La risposta fornita nel corso dell’evento, tenutosi a Genova, è la “Rete”. Affrontare la complessità richiede collaborazione, tra ospedale e territorio e tra diversi centri esperti a livello regionale, ma anche collaborazione e confronto a livello nazionale e internazionale.
Tutto ciò richiede anche dei cambiamenti di carattere culturale: rinunciare a essere “I Migliori” per aprirsi alla possibilità che tutti possano dare il proprio contributo, che sia a livello di ricerca che di organizzazione.
La parola agli esperti sulle Reti
Paolo Pronzato, coordinatore Dipartimento Interaziendale Regionale, Diar Oncoematologia, ALiSa – Azienda Ligure Sanitaria e Presidente Comitato Scientifico Associazione Periplo, sottolinea che «le Reti rappresentano il mezzo migliore per affrontare la tempesta perfetta del cancro. Nei prossimi dieci, venti anni, complici l’aumento della popolazione mondiale e le innovazioni nel settore, registreremo un maggiore numero di casi osservati, anche se l’incidenza non aumenterà.
In Italia i profili maggiormente a rischio saranno gli ultra sessantacinquenni. Accanto a questo, dovremo fronteggiare il problema dei costi delle cure: si può guarire o cronicizzare la malattia, ma le tecnologie e i farmaci hanno un prezzo elevato. Il terzo nodo problematico deriva dalla carenza di personale specializzato e infermieristico». Sempre secondo Pronzato non bisogna però dimenticare l’altro cardine della gestione del cancro, ovvero la prevenzione secondaria.
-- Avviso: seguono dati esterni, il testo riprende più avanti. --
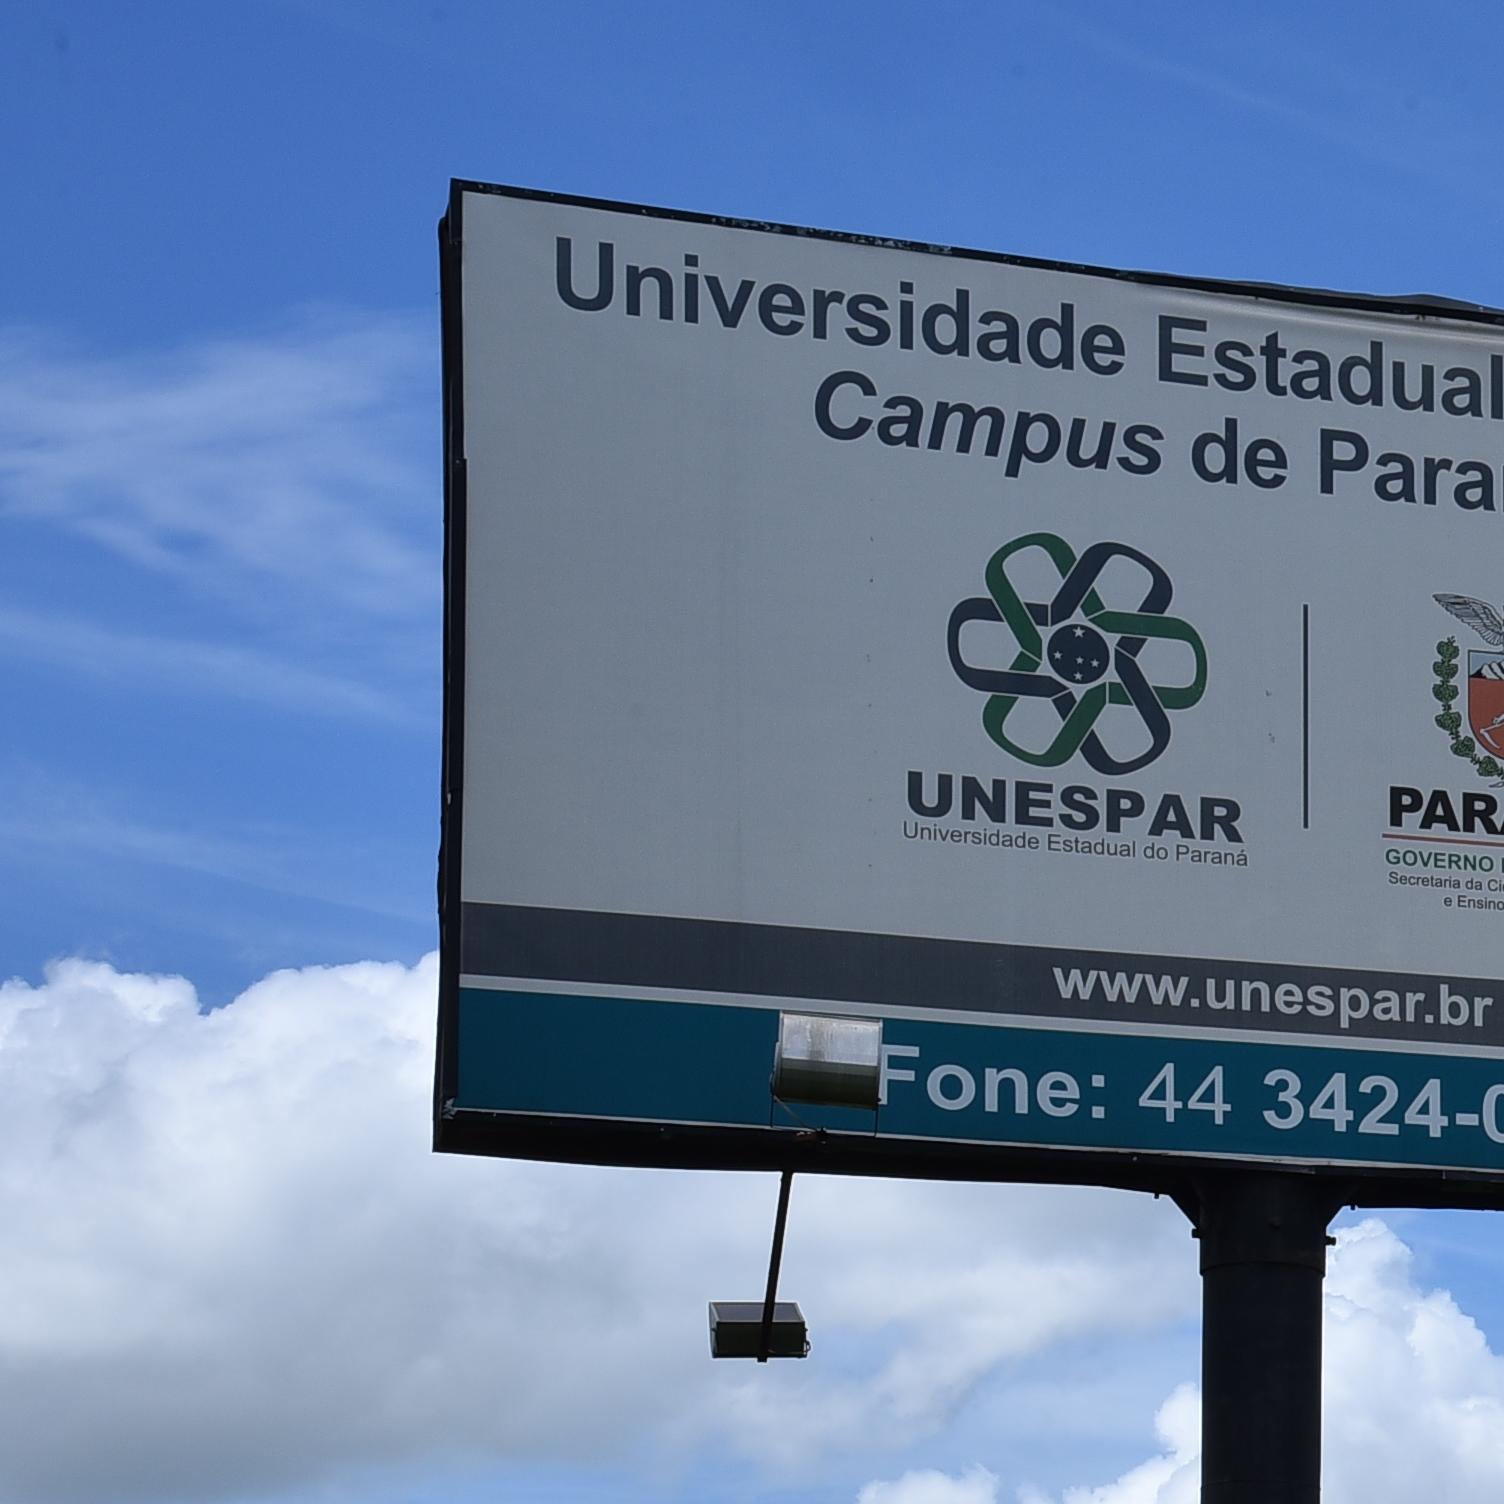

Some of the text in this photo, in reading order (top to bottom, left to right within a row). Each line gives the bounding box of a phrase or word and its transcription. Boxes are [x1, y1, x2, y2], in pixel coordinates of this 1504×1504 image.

[555, 236, 1125, 375] Universidade
[1158, 315, 1504, 420] Estadual
[814, 370, 1164, 479] Campus
[1190, 417, 1289, 489] de
[907, 770, 1244, 843] UNESPAR
[903, 820, 1249, 867] Universidade Estadual do Paraná
[1385, 848, 1494, 873] GOVERNO
[1388, 871, 1461, 890] Secretaria
[1465, 876, 1483, 891] da
[1443, 897, 1453, 907] e
[1052, 964, 1494, 1029] www.unespar.br
[880, 1043, 1107, 1120] Fone:
[1138, 1062, 1233, 1126] 44
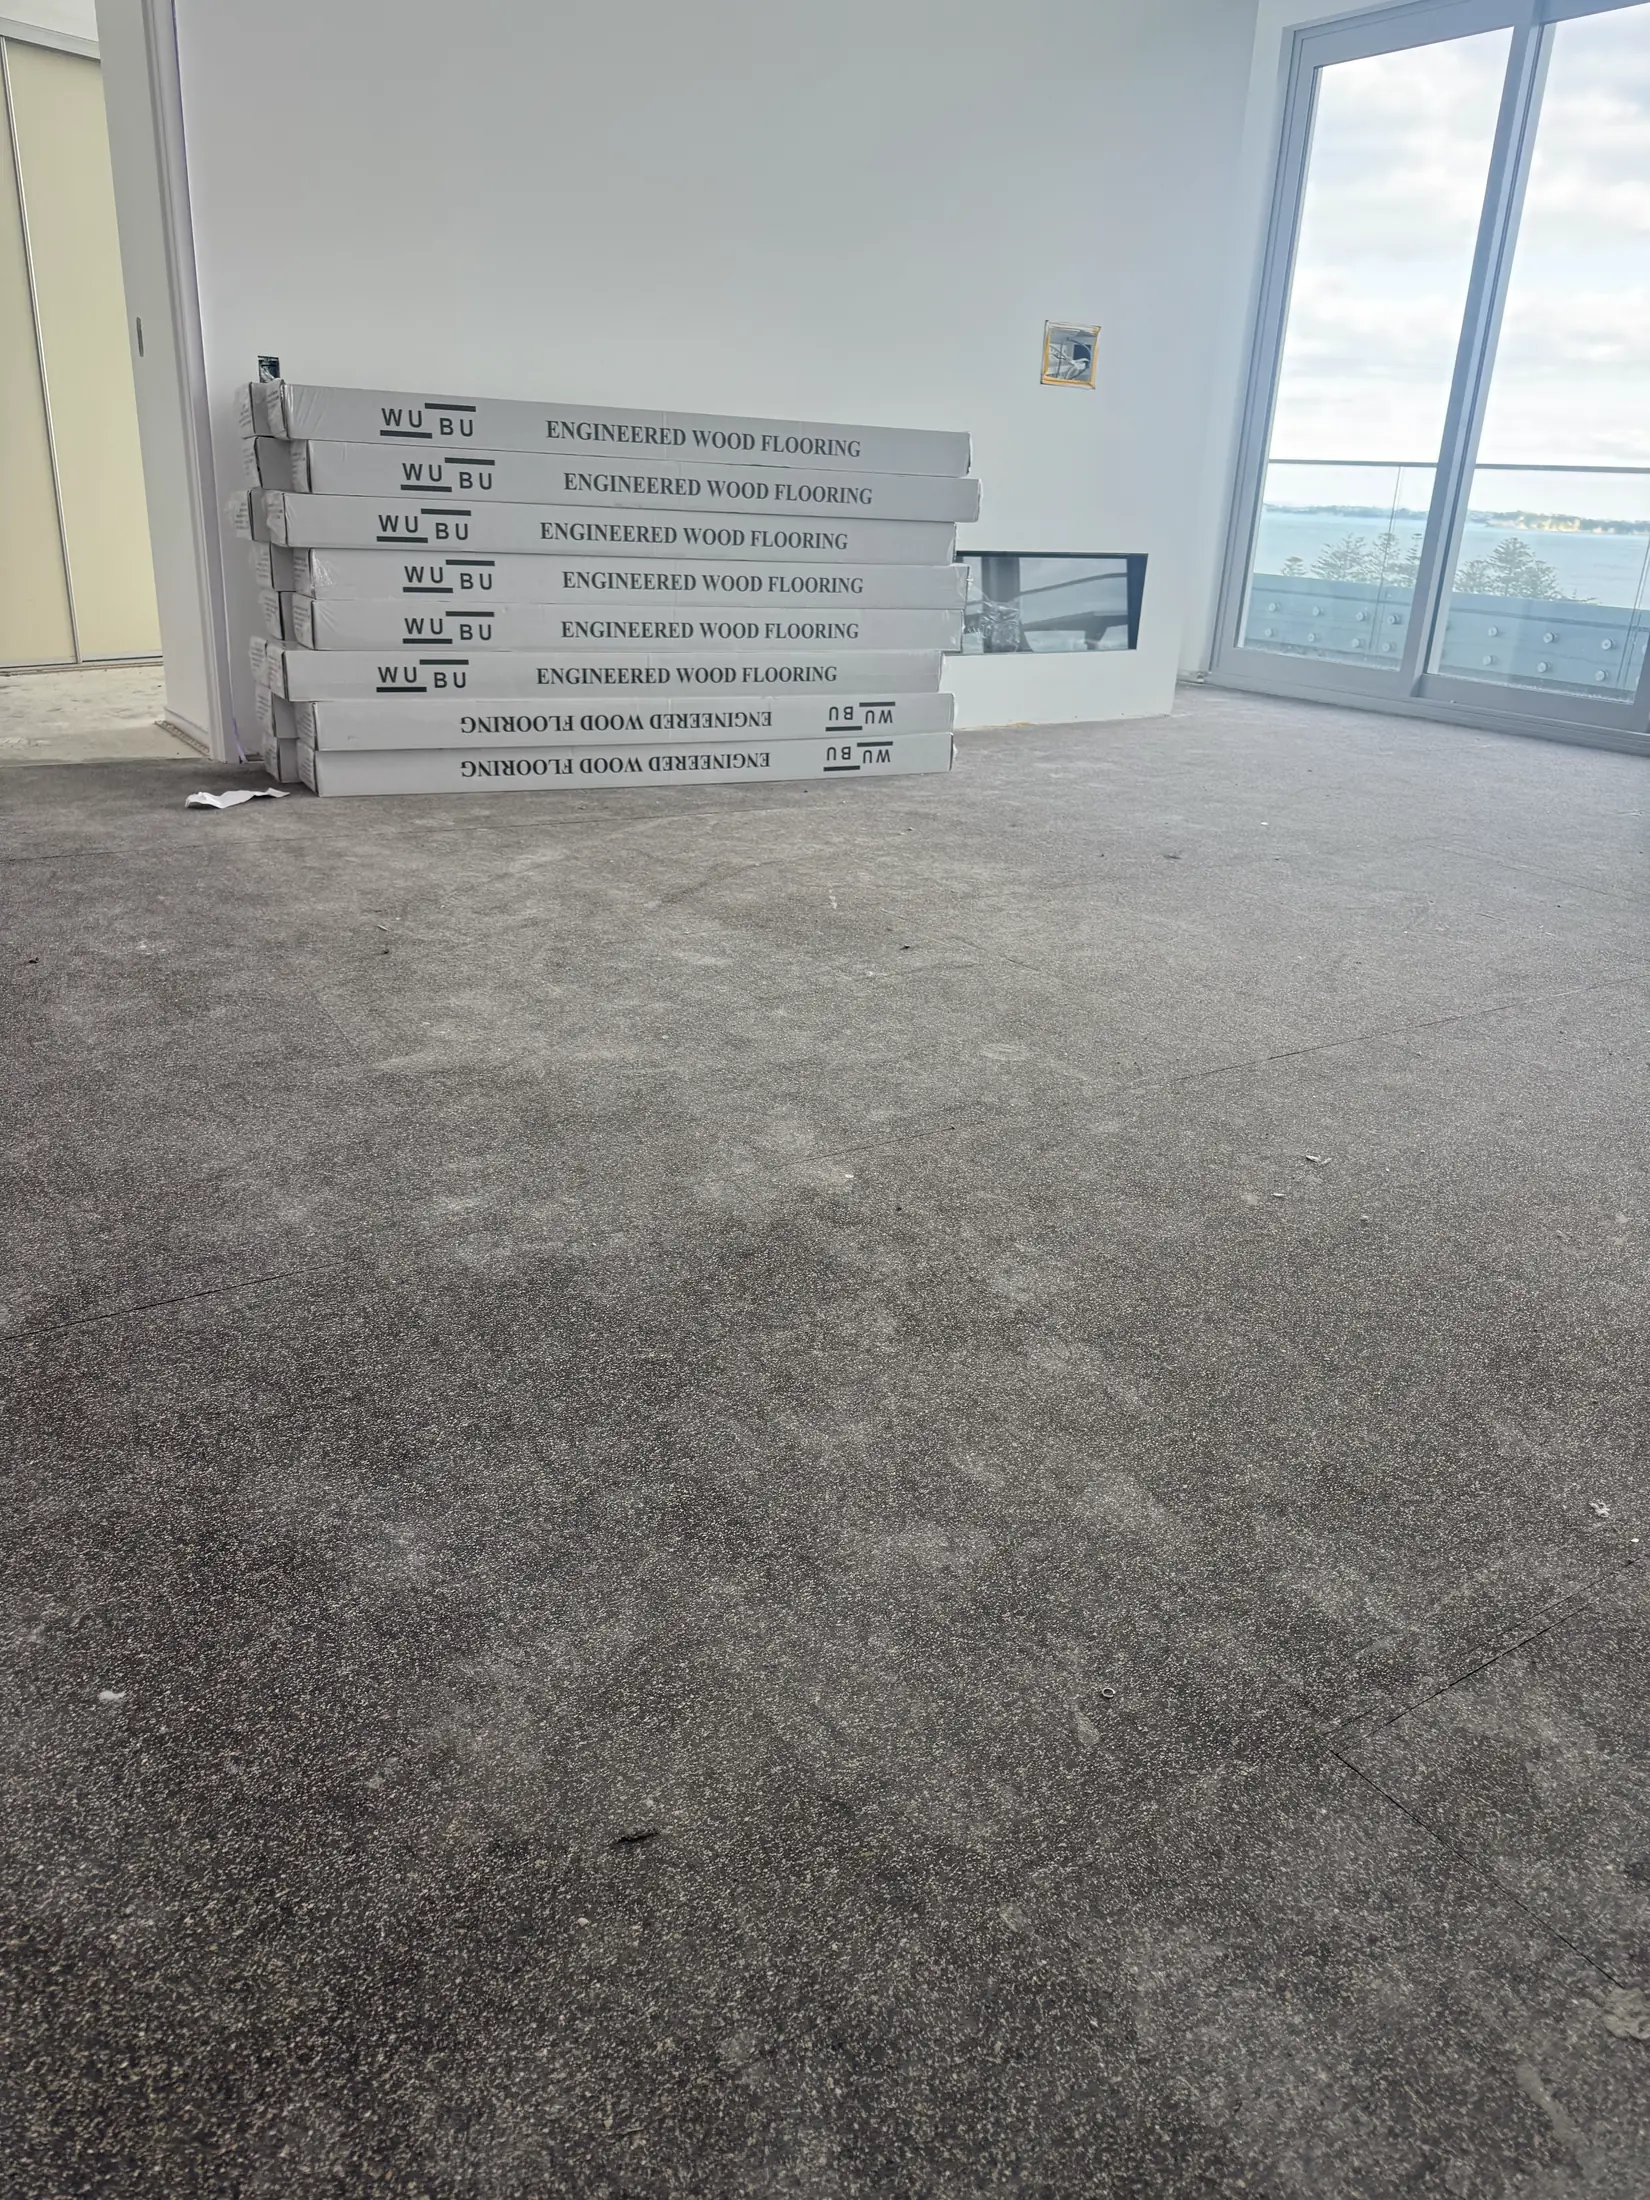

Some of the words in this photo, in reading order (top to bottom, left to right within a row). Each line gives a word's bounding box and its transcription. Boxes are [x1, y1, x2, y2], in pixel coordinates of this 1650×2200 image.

[381, 408, 422, 428] WU
[440, 418, 473, 437] BU
[546, 420, 686, 445] ENGINEERED
[692, 430, 755, 450] WOOD
[761, 435, 860, 457] FLOORING
[402, 463, 442, 482] WU
[459, 472, 492, 490] BU
[564, 473, 701, 496] ENGINEERED
[707, 480, 769, 499] WOOD
[775, 484, 872, 504] FLOORING
[378, 515, 418, 533] WU
[435, 522, 468, 540] BU
[540, 522, 677, 543] ENGINEERED
[683, 528, 745, 546] WOOD
[750, 530, 847, 549] FLOORING
[404, 566, 443, 584] WU
[460, 573, 492, 590] BU
[562, 571, 696, 590] ENGINEERED
[702, 575, 762, 592] WOOD
[768, 576, 863, 593] FLOORING
[404, 618, 443, 635] WU
[460, 624, 491, 641] BU
[561, 621, 694, 638] ENGINEERED
[699, 623, 759, 639] WOOD
[764, 623, 858, 639] FLOORING
[377, 667, 417, 683] WU
[434, 672, 466, 688] BU
[537, 668, 670, 684] ENGINEERED
[676, 667, 736, 683] WOOD
[742, 666, 837, 682] FLOORING
[580, 714, 644, 731] WOOD
[650, 712, 772, 729] ENGINEERED
[829, 706, 853, 721] BU
[865, 710, 893, 724] WU
[460, 716, 574, 733] FLOORING
[648, 753, 770, 771] ENGINEERED
[827, 746, 851, 761] BU
[863, 749, 890, 763] WU
[460, 759, 574, 777] FLOORING
[580, 757, 643, 773] WOOD
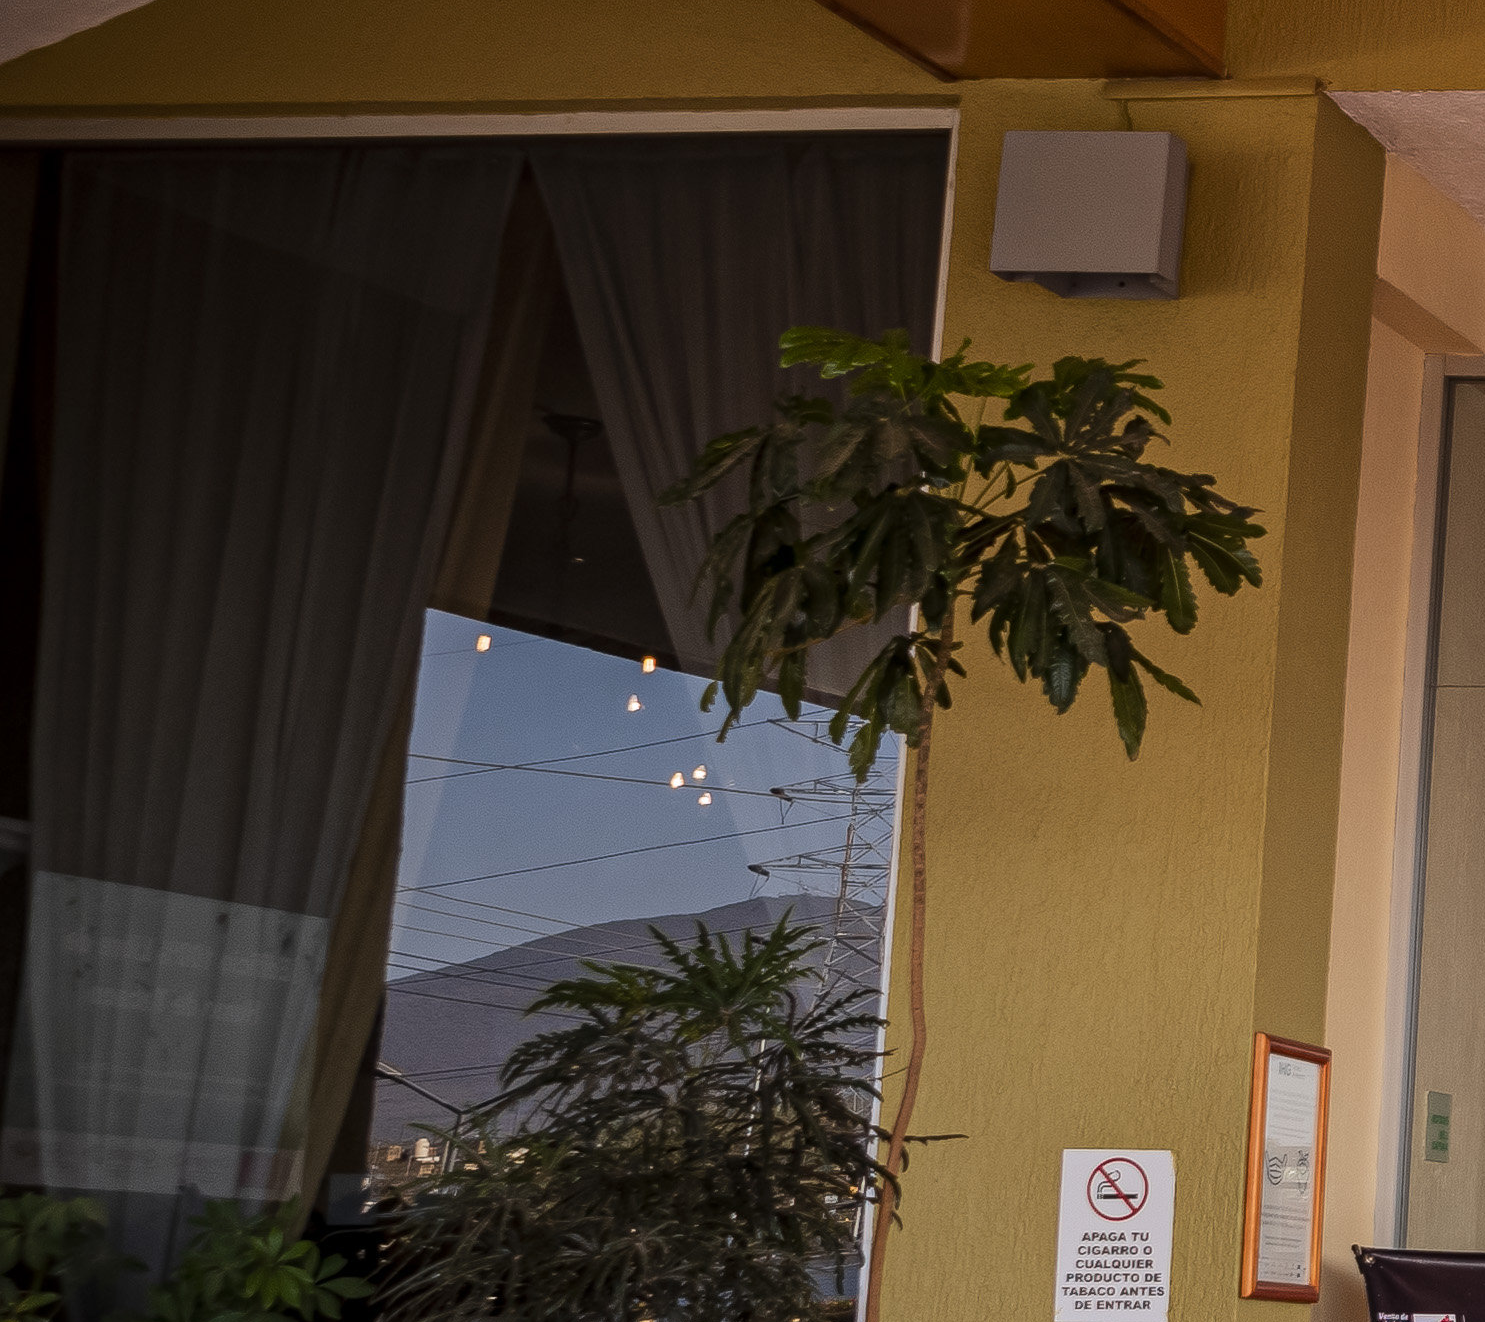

Gianni Amunni, coordinatore scientifico Ispro – Istituto per lo studio, la prevenzione e la rete oncologica, Regione Toscana e Direttore Dipartimento Oncologico, Azienda Ospedaliero Universitaria Careggi, Firenze, aggiunge «oggi il numero di pazienti che guariscono e che vanno incontro a cronicizzazione si traduce in un incremento incredibile dei casi prevalenti, cioè di persone che hanno ricevuto una diagnosi di tumore.
Per questo va riorganizzata l’offerta oncologica su modelli innovativi: adesso è quasi soltanto ospedaliera, eppure buona parte del percorso si svolge fuori. Serve un’oncologia territoriale in grado di occupare questi tempi». La Rete deve estendersi anche alla ricerca oncologica, per cui «vorremmo ragionare non solo su come sostenerla, ma anche su come iniziare a pensare a una ricerca di Rete, mezzo con cui tutti i professionisti siano coinvolti in un lavoro di squadra, ragionando sulle intere casistiche regionali».
E ciò vale anche per la ricerca farmacologica, ovvero per la valutazione di efficacia clinica di un certo nuovo potenziale farmaco antitumorale.